If BR <> P ' old: If BR <> P Then P_4 = B

' check TR and BL -> if they're the same as BR then P is a

' corner = don't modify

If x < Pix_W - 1 And y > 0 Then TR = PMPixels[yt+xr]

' TR = BR -> OK to check BL as well

If TR = BR

If x > 0 And y < Pix_H - 1 Then BL = PMPixels[yb+xl]

EndIf

' if they're all the same then leave P_4 as-is

If TR = BR And TR = BL

P_4 = P

Else

' check which pixel is closer to P: B or D?

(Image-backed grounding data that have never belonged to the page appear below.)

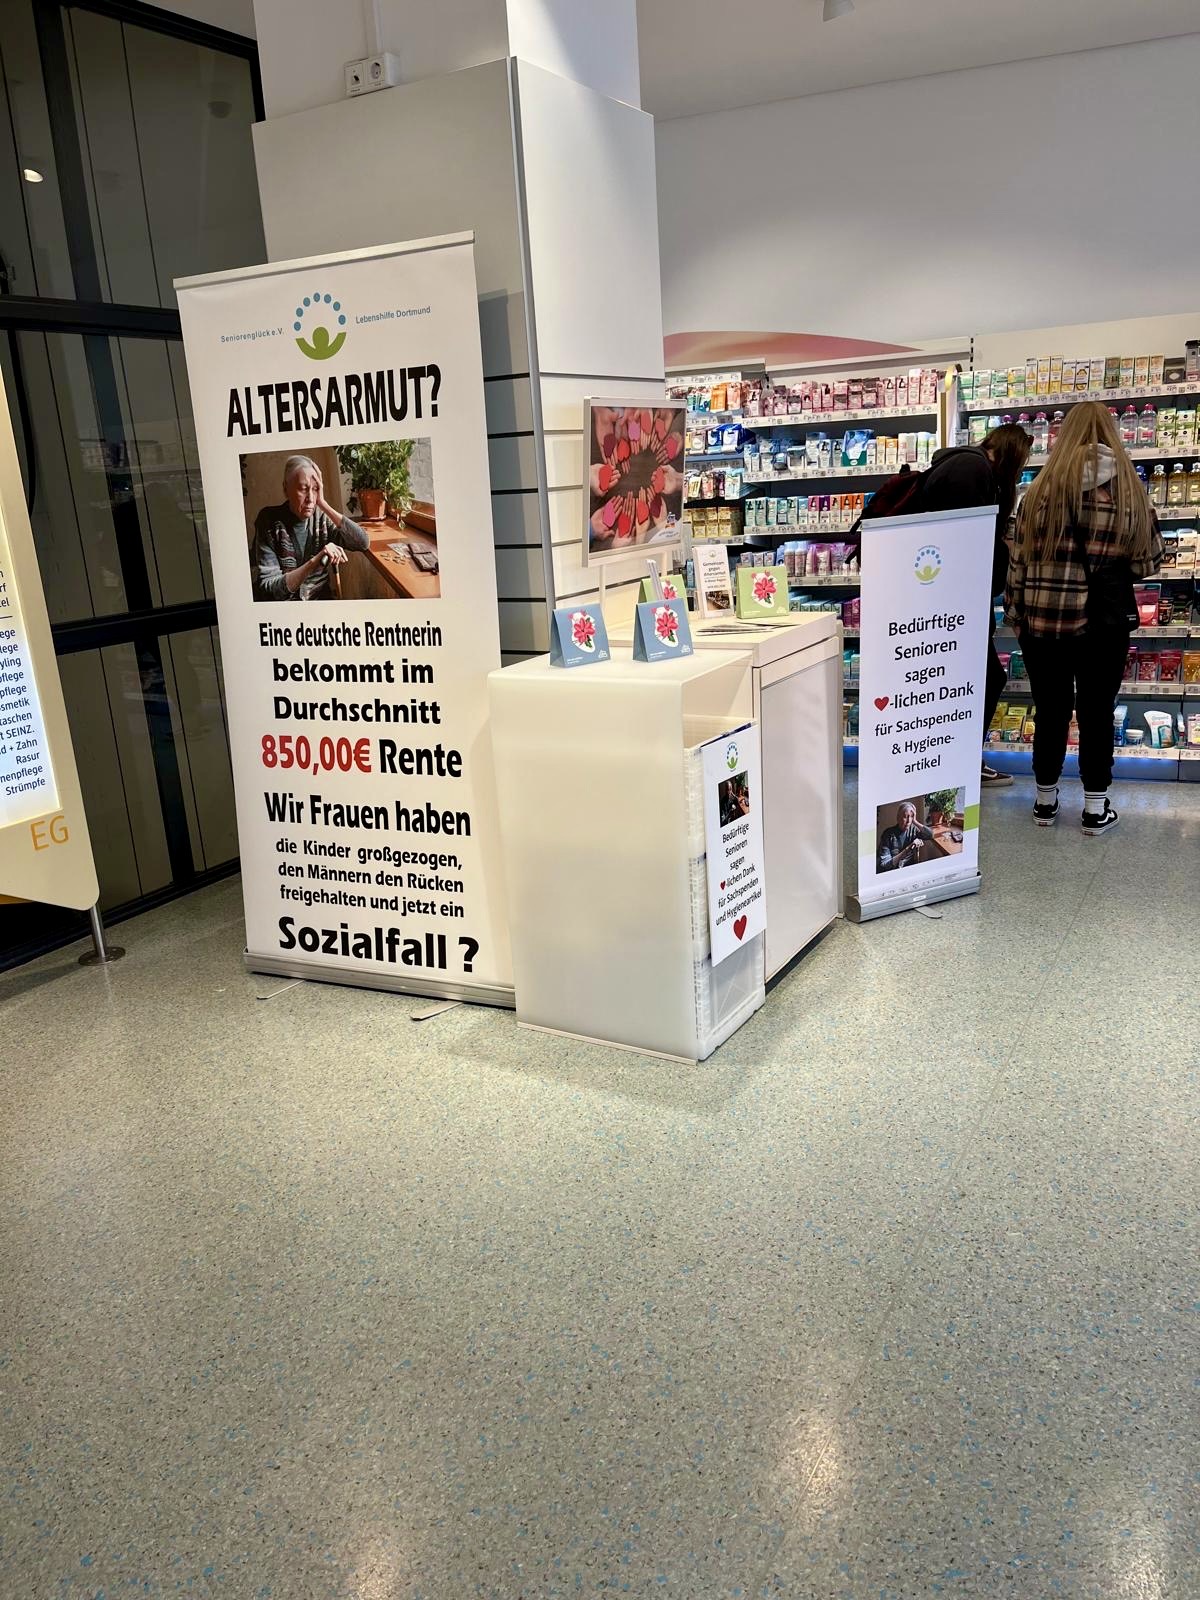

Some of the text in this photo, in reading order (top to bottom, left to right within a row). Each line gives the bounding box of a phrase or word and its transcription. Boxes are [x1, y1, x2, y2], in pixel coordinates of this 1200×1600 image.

[356, 306, 431, 324] Lebenshilfe Dortmund
[221, 328, 284, 343] Seniorenglück e.V.
[227, 364, 442, 437] ALTERSARMUT?
[259, 621, 442, 647] Eine deutsche Rentnerin
[889, 613, 965, 638] Bedürftige
[895, 638, 957, 661] Senioren
[273, 659, 434, 683] bekommt im
[905, 664, 945, 684] sagen
[939, 682, 974, 704] Dank
[274, 697, 441, 725] Durchschnitt
[875, 708, 972, 737] für Sachspenden
[6, 725, 35, 739] SEINZ.
[16, 739, 38, 750] Zahn
[262, 735, 462, 777] 850,00€ Rente
[892, 734, 955, 755] & Hygiene-
[16, 752, 40, 764] Rasur
[904, 755, 941, 774] artikel
[6, 778, 46, 795] Strümpfe
[264, 792, 471, 836] Wir Frauen haben
[30, 815, 69, 850] EG
[722, 823, 749, 843] Bedürftige
[276, 839, 462, 870] die Kinder großgezogen,
[725, 839, 747, 857] Senioren
[730, 856, 745, 870] sagen
[743, 864, 755, 878] Dank
[279, 862, 464, 893] den Männern den Rücken
[280, 885, 464, 917] freigehalten und jetzt ein
[718, 877, 758, 909] für Sachspenden
[716, 888, 762, 926] und Hygieneartikel
[279, 917, 480, 972] Sozialfall ?
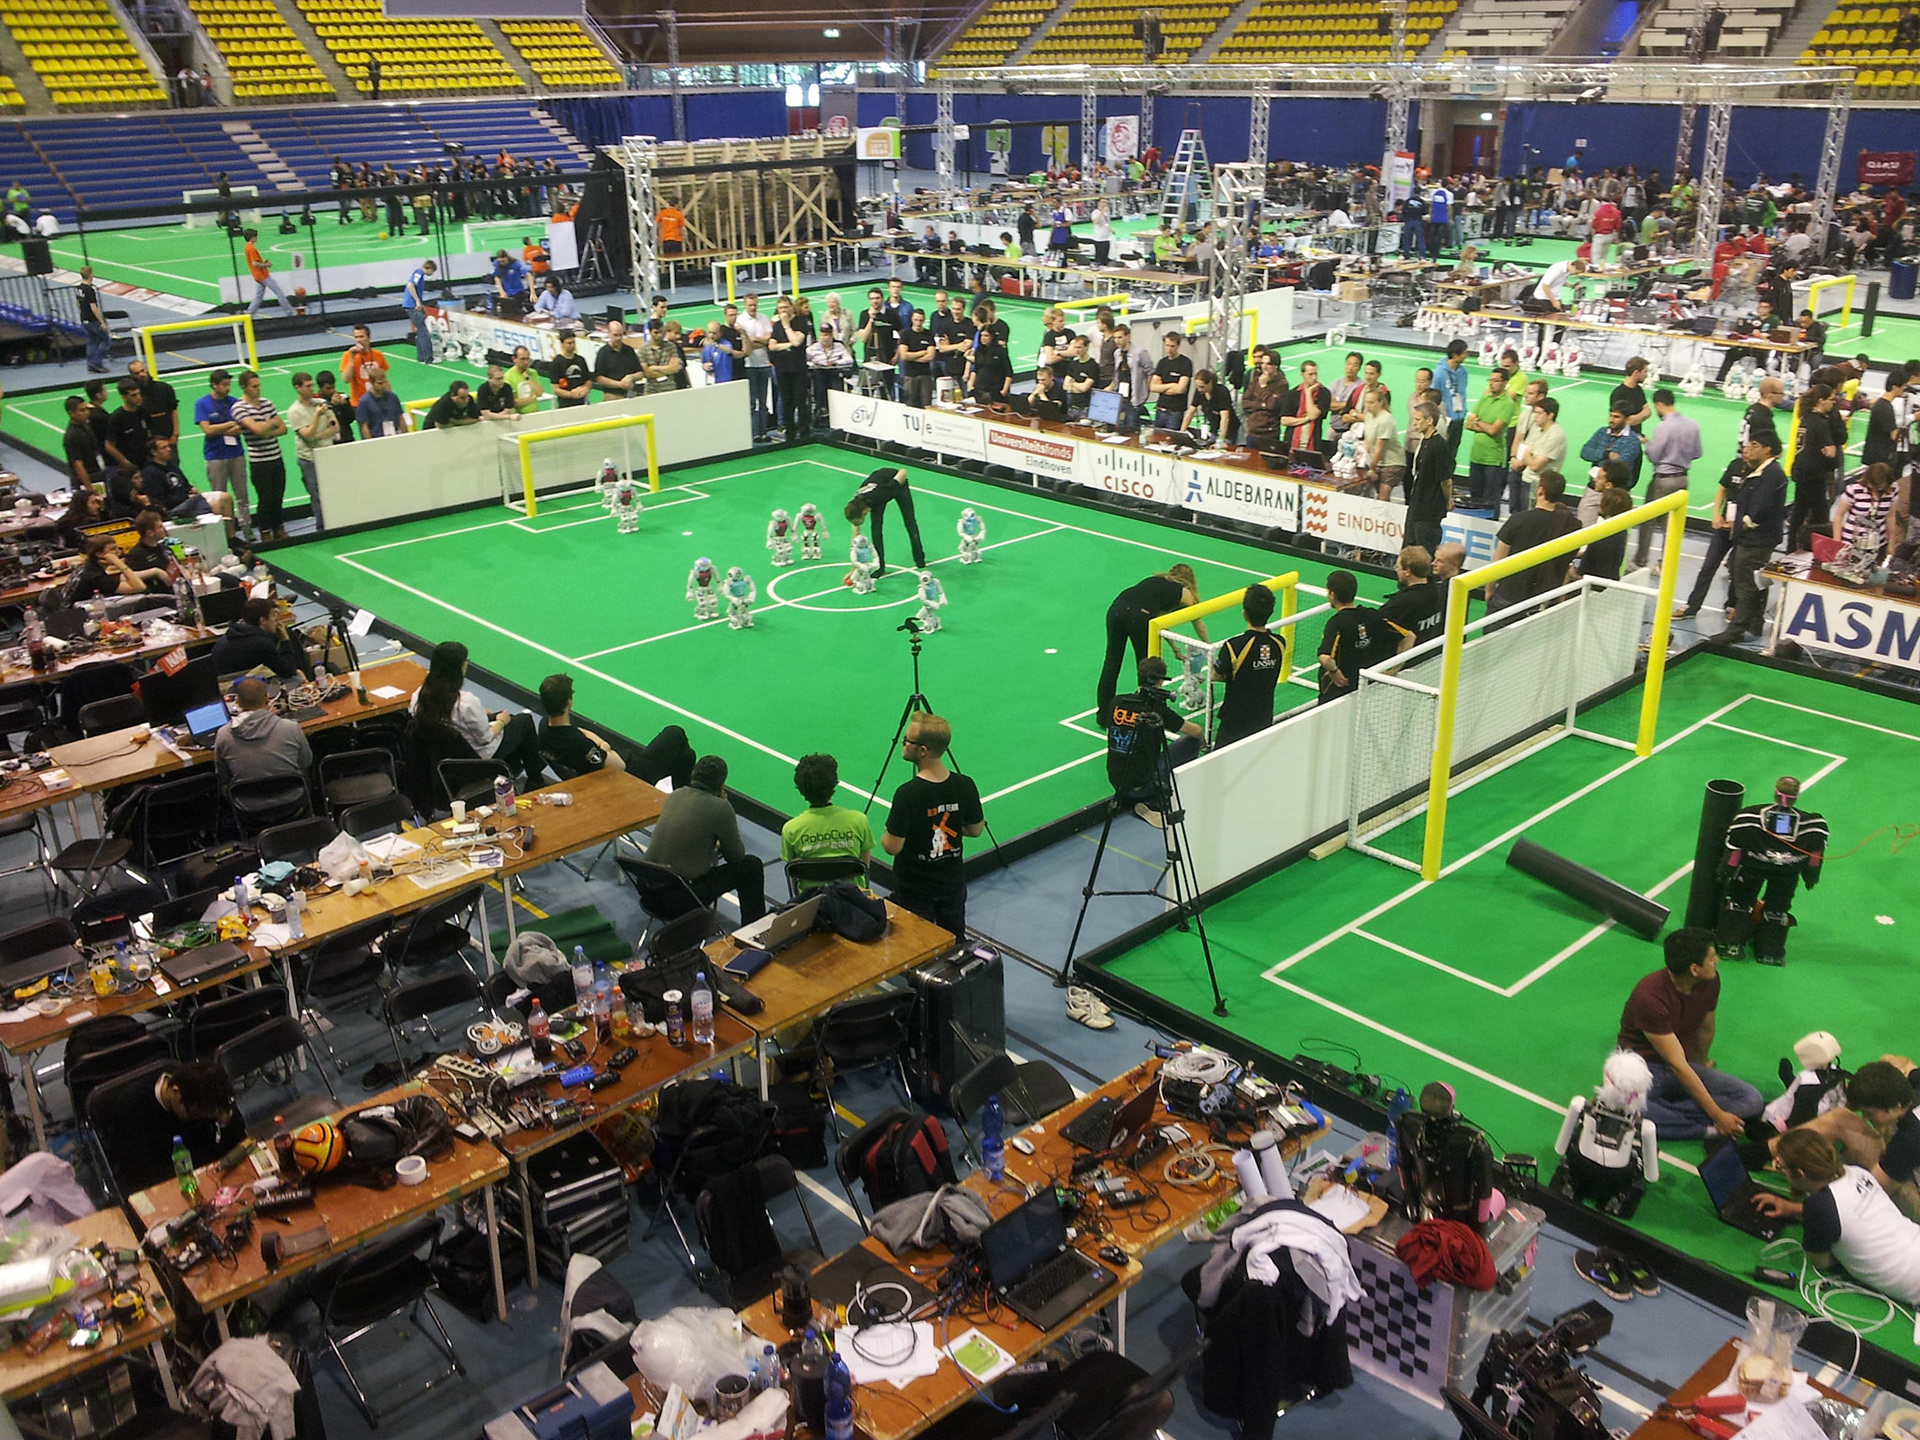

If B_Value > P_Value Then B_P_Difference = B_Value - P_Value

If B_Value <= P_Value Then B_P_Difference = P_Value - B_Value

If D_Value > P_Value Then D_P_Difference = D_Value - P_Value

If D_Value <= P_Value Then D_P_Difference = P_Value - D_Value

If B_P_Difference > D_P_Difference

P_4 = D

Else

P_4 = B

EndIf

EndIf

EndIf

EndIf

EndIf

EndIf

' Write pixels to output pixmap

x2PMPixels[(y*2 )*ScaledPM.Width+(x*2 )] = P_1

x2PMPixels[(y*2 )*ScaledPM.width+(x*2+1)] = P_2

x2PMPixels[(y*2+1)*ScaledPM.width+(x*2 )] = P_3

x2PMPixels[(y*2+1)*ScaledPM.Width+(x*2+1)] = P_4

Next

Next

OutputPixmap = ScaledPM

End Function

Hope it's useful, if you're wondering about anything just let me know

EDIT: Replaced crappy download link.